▶ _SUPPLIED DATA_:

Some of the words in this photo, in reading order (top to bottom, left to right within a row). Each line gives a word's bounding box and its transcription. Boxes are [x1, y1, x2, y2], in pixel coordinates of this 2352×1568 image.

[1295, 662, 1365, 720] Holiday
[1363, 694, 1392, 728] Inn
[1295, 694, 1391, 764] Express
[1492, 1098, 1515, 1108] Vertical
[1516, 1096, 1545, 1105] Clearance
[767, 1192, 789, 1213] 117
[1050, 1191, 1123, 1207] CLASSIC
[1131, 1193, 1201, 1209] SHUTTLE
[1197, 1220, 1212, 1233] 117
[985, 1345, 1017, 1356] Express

▶ _WHAT TO PRODUCE_: Reproduce the data shown above with every line intact.

▶ _THE ANSWER_:
Some of the words in this photo, in reading order (top to bottom, left to right within a row). Each line gives a word's bounding box and its transcription. Boxes are [x1, y1, x2, y2], in pixel coordinates of this 2352×1568 image.

[1295, 662, 1365, 720] Holiday
[1363, 694, 1392, 728] Inn
[1295, 694, 1391, 764] Express
[1492, 1098, 1515, 1108] Vertical
[1516, 1096, 1545, 1105] Clearance
[767, 1192, 789, 1213] 117
[1050, 1191, 1123, 1207] CLASSIC
[1131, 1193, 1201, 1209] SHUTTLE
[1197, 1220, 1212, 1233] 117
[985, 1345, 1017, 1356] Express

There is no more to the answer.